In recent months, Clinton has been in talks with Yucaipa about ending his financial relationship in anticipation that Hillary Clinton could win the Democratic presidential nomination. It is estimated he could walk away with some $20 million from the relationship, the Journal said.

Clintons’ Indian American friend Gupta was accused last May by some of his shareholders of lavishly spending company money on high-profile guests. According to one report, Gupta paid $146,866 to ferry Bill and Hillary Clinton in his private jet in January 2002 for a family vacation in Acapulco, Mexico.

“During the next four years, infoUSA paid Bill Clinton more than $2 million for consulting services, and spent almost $900,000 to fly him around the world for his presidential foundation work and to fly Hillary Clinton to campaign events,” the New York Times then alleged.

Gupta then defended the expenses as legitimate and business-related, and in turn charged his accusers, two Connecticut-based hedge funds, Dolphin Limited Partnership and Cardinal Capital Management, of trying to wrest control of the company through a smear campaign.

Before Clinton left the White House in 2001 he appointed Gupta to the Board of Trustees of the John F. Kennedy Center for the Performing Arts. He had also nominated Gupta as the US consul general to Bermuda, and the US ambassador to Fiji, both posts the latter declined citing business commitments.

The most significant portion of the couple’s income after they left the White House with an estimated $12 million in legal debts rung up during the Whitewater scandal, campaign fundraising and Monica Lewinsky investigations came from Bill Clinton’s career as a speaker.

In 2005, Clinton averaged almost a speech a day - 352 for the year - though only about 20 percent were for personal income. On one particularly good day in Canada, Clinton made $475,000 for two speeches, more than double his annual salary as president.

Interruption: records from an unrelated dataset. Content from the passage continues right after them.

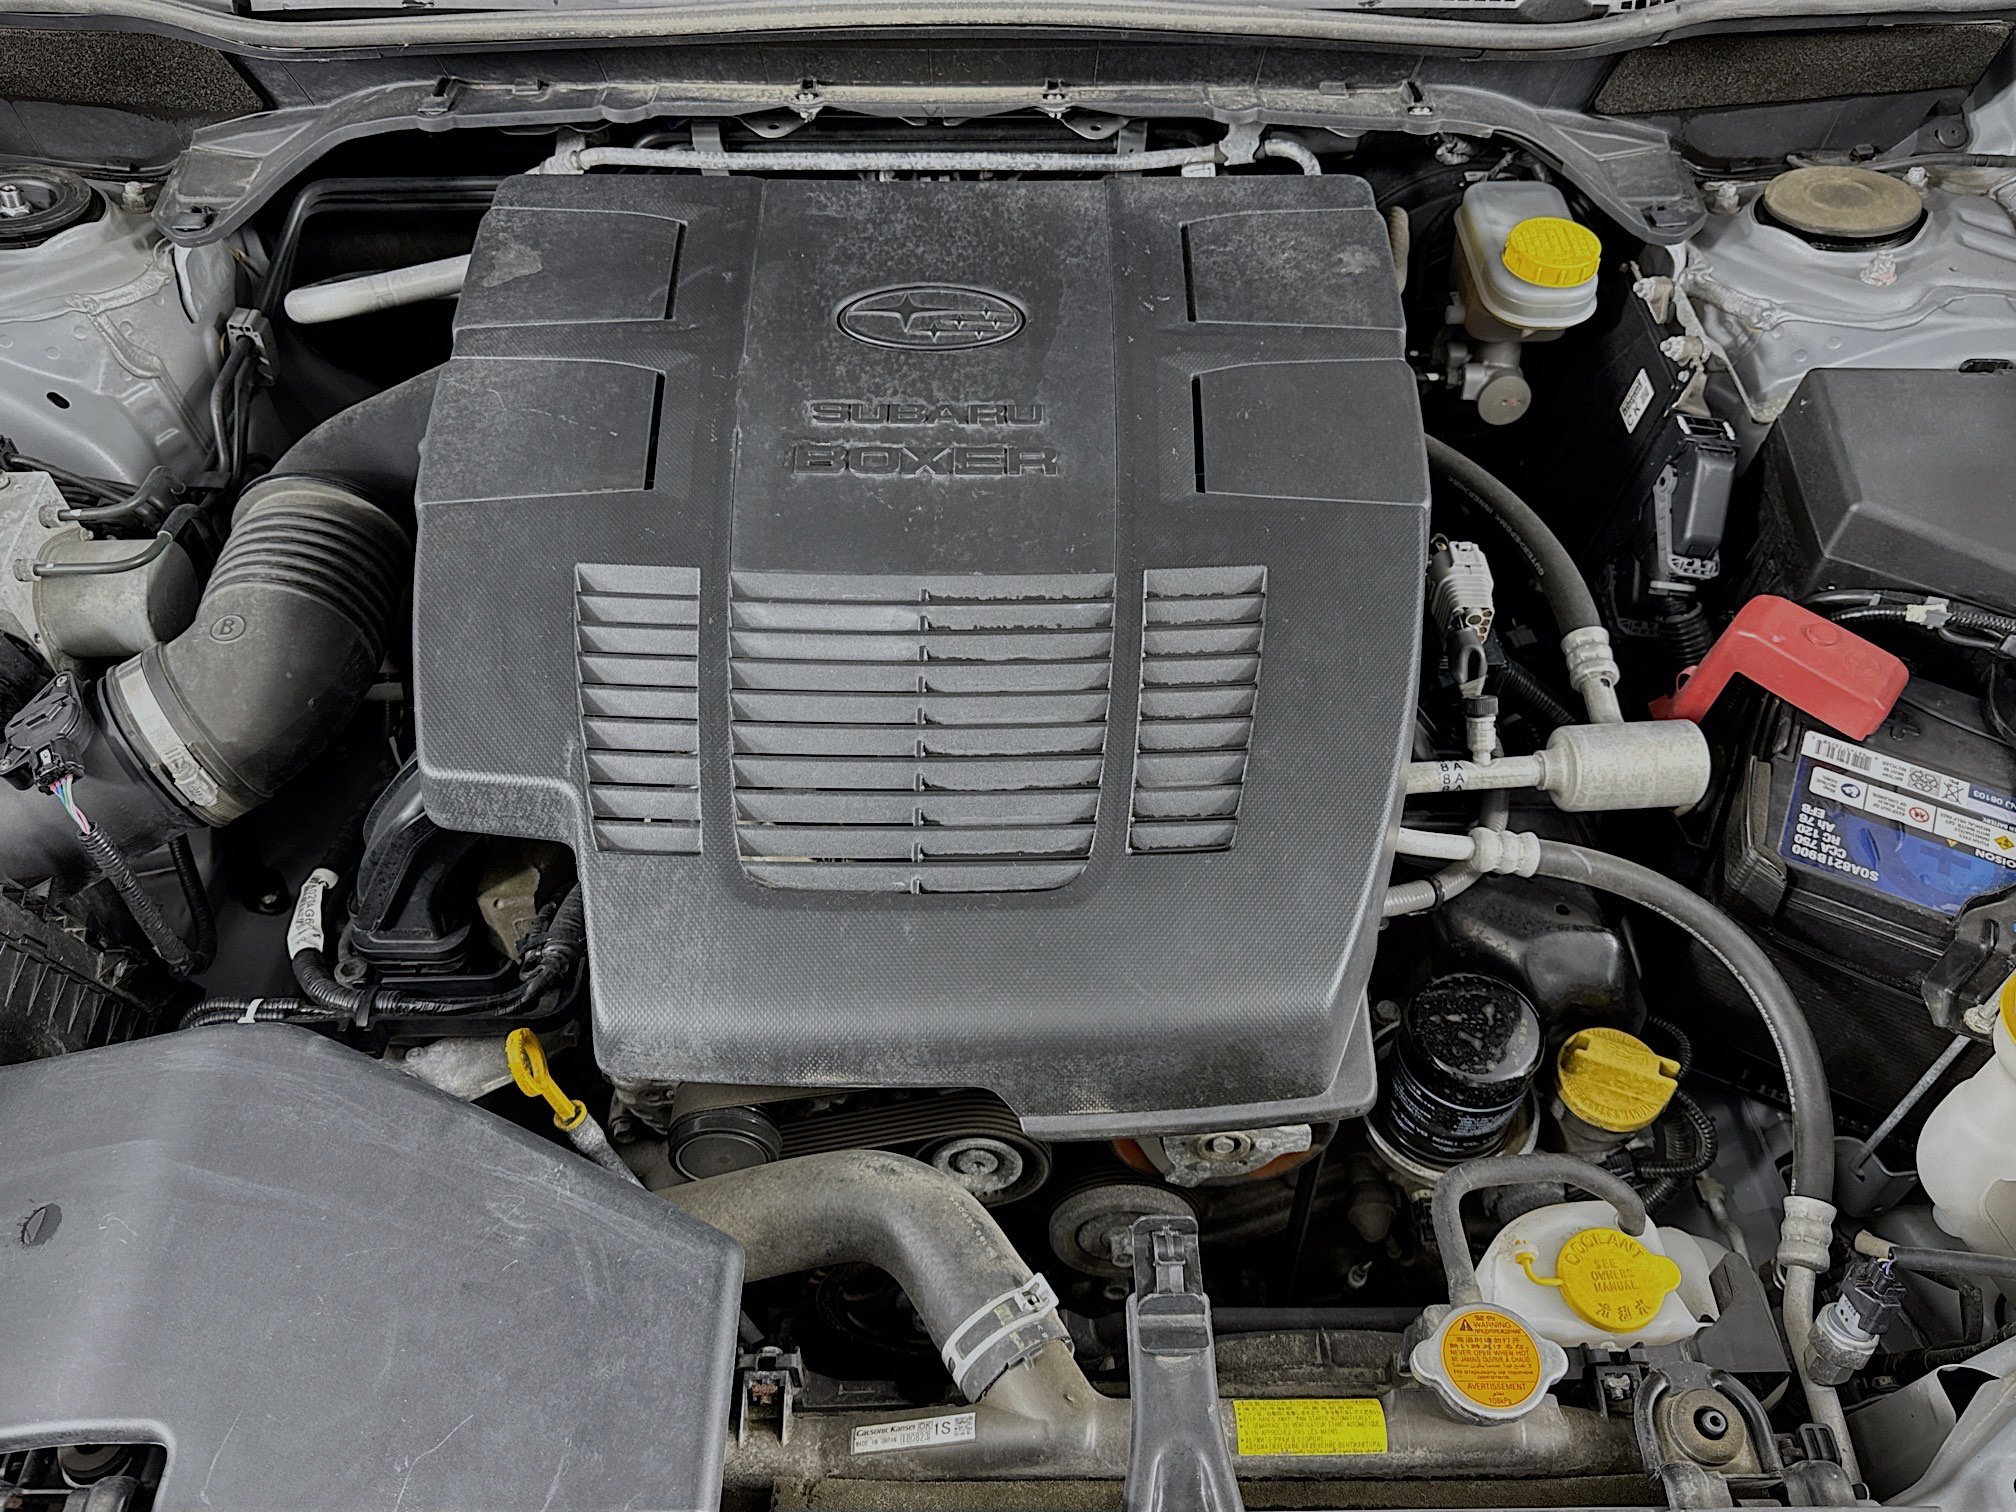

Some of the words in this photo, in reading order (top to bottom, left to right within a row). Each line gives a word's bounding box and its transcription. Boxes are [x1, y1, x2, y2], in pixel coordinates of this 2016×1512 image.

[810, 402, 1045, 426] SUBARU
[794, 444, 1060, 476] BOXER
[1973, 790, 2003, 805] 08103
[1801, 803, 1826, 818] EFB
[1798, 813, 1815, 825] 76
[1817, 819, 1836, 833] Ah
[1796, 823, 1820, 839] 120
[1794, 834, 1818, 850] 750
[1822, 832, 1841, 846] RC
[1820, 841, 1847, 859] CCA
[1565, 1232, 1645, 1265] COOLANT
[1593, 1258, 1618, 1270] SEE
[1591, 1268, 1634, 1281] OWNERS
[1593, 1280, 1640, 1293] MANUAL
[1473, 1321, 1511, 1329] WARNING
[1467, 1382, 1526, 1391] AVERTISSEMENT
[1488, 1397, 1513, 1405] 108kPa
[890, 1424, 916, 1433] Kansei

Only tax returns from 2000 to 2006 were released. For 2007, the campaign said, the Clintons are seeking an extension of time to file their return because they are waiting to receive information related to partnership income, including investments made by the trustees of their blind trust, which sold most of its assets last year.

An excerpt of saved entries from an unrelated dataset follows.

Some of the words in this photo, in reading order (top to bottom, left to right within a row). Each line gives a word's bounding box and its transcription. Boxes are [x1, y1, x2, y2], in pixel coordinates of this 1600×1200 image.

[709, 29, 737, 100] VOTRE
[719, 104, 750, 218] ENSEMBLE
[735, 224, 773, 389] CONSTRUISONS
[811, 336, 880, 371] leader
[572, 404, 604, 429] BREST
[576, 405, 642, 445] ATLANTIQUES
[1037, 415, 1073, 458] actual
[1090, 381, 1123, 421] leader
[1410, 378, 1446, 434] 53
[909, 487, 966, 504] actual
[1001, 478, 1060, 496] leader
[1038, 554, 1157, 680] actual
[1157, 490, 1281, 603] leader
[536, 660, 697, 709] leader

However, the campaign estimated the couple paid $5.1 million in federal income taxes for 2007 on total income of $20.4 million, for an effective rate of 25 percent, far lower than previous years.

In 2000, their last full year in the White House, the Clintons earned $357,000. Last year, they earned $20.4 million, largely thanks to income tied to Clinton’s position as a former president. Of the earnings the couple reported for 2007, only $150,000 of it came from Hillary Clinton’s senate salary. About $4.6 million came from book income and $10.1 million from Clinton’s speaking fees.